= WHAT THIS TASK INVOLVES =
Your answer should repeat the listing in full, with no line missing or altered.

= EXTRACTED DATA =

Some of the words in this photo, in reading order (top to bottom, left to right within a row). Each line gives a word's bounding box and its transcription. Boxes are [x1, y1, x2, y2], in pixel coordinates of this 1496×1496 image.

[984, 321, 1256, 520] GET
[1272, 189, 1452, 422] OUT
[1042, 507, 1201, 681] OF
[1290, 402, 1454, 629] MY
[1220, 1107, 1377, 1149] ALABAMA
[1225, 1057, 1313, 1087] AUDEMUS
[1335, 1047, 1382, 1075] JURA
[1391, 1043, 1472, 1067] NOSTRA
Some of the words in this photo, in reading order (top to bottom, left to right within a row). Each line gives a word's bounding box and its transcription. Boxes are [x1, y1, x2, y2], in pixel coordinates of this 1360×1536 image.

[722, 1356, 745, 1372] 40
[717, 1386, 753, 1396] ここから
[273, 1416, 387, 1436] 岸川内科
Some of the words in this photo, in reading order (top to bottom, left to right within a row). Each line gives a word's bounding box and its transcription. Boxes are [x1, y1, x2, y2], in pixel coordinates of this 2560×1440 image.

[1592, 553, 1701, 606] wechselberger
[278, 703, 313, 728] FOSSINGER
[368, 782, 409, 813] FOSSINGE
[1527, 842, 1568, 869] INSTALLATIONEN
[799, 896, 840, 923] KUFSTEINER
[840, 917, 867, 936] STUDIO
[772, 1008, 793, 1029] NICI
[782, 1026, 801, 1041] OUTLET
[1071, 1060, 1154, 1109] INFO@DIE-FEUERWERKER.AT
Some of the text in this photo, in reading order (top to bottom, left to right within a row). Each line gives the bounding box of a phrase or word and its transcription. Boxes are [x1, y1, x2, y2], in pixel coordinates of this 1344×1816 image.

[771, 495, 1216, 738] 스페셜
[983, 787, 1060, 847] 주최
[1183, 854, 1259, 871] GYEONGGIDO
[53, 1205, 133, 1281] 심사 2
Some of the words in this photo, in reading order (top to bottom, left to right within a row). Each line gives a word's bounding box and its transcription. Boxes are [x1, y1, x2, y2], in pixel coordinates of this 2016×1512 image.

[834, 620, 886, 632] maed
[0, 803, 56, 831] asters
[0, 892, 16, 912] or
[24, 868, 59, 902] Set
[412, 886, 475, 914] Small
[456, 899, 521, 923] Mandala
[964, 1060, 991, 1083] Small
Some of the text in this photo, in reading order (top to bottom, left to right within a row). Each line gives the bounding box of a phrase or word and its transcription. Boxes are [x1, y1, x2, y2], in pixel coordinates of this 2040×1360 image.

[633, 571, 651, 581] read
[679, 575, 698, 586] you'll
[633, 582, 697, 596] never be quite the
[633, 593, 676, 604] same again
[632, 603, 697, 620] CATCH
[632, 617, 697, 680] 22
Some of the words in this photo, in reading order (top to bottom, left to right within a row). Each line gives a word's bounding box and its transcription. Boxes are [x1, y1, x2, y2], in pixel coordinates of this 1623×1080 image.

= WRITTEN SOLUTION =
Some of the words in this photo, in reading order (top to bottom, left to right within a row). Each line gives a word's bounding box and its transcription. Boxes are [x1, y1, x2, y2], in pixel coordinates of this 1496×1496 image.

[984, 321, 1256, 520] GET
[1272, 189, 1452, 422] OUT
[1042, 507, 1201, 681] OF
[1290, 402, 1454, 629] MY
[1220, 1107, 1377, 1149] ALABAMA
[1225, 1057, 1313, 1087] AUDEMUS
[1335, 1047, 1382, 1075] JURA
[1391, 1043, 1472, 1067] NOSTRA
Some of the words in this photo, in reading order (top to bottom, left to right within a row). Each line gives a word's bounding box and its transcription. Boxes are [x1, y1, x2, y2], in pixel coordinates of this 1360×1536 image.

[722, 1356, 745, 1372] 40
[717, 1386, 753, 1396] ここから
[273, 1416, 387, 1436] 岸川内科
Some of the words in this photo, in reading order (top to bottom, left to right within a row). Each line gives a word's bounding box and its transcription. Boxes are [x1, y1, x2, y2], in pixel coordinates of this 2560×1440 image.

[1592, 553, 1701, 606] wechselberger
[278, 703, 313, 728] FOSSINGER
[368, 782, 409, 813] FOSSINGE
[1527, 842, 1568, 869] INSTALLATIONEN
[799, 896, 840, 923] KUFSTEINER
[840, 917, 867, 936] STUDIO
[772, 1008, 793, 1029] NICI
[782, 1026, 801, 1041] OUTLET
[1071, 1060, 1154, 1109] INFO@DIE-FEUERWERKER.AT
Some of the text in this photo, in reading order (top to bottom, left to right within a row). Each line gives the bounding box of a phrase or word and its transcription. Boxes are [x1, y1, x2, y2], in pixel coordinates of this 1344×1816 image.

[771, 495, 1216, 738] 스페셜
[983, 787, 1060, 847] 주최
[1183, 854, 1259, 871] GYEONGGIDO
[53, 1205, 133, 1281] 심사 2
Some of the words in this photo, in reading order (top to bottom, left to right within a row). Each line gives a word's bounding box and its transcription. Boxes are [x1, y1, x2, y2], in pixel coordinates of this 2016×1512 image.

[834, 620, 886, 632] maed
[0, 803, 56, 831] asters
[0, 892, 16, 912] or
[24, 868, 59, 902] Set
[412, 886, 475, 914] Small
[456, 899, 521, 923] Mandala
[964, 1060, 991, 1083] Small
Some of the text in this photo, in reading order (top to bottom, left to right within a row). Each line gives the bounding box of a phrase or word and its transcription. Boxes are [x1, y1, x2, y2], in pixel coordinates of this 2040×1360 image.

[633, 571, 651, 581] read
[679, 575, 698, 586] you'll
[633, 582, 697, 596] never be quite the
[633, 593, 676, 604] same again
[632, 603, 697, 620] CATCH
[632, 617, 697, 680] 22
Some of the words in this photo, in reading order (top to bottom, left to right within a row). Each line gives a word's bounding box and its transcription. Boxes are [x1, y1, x2, y2], in pixel coordinates of this 1623×1080 image.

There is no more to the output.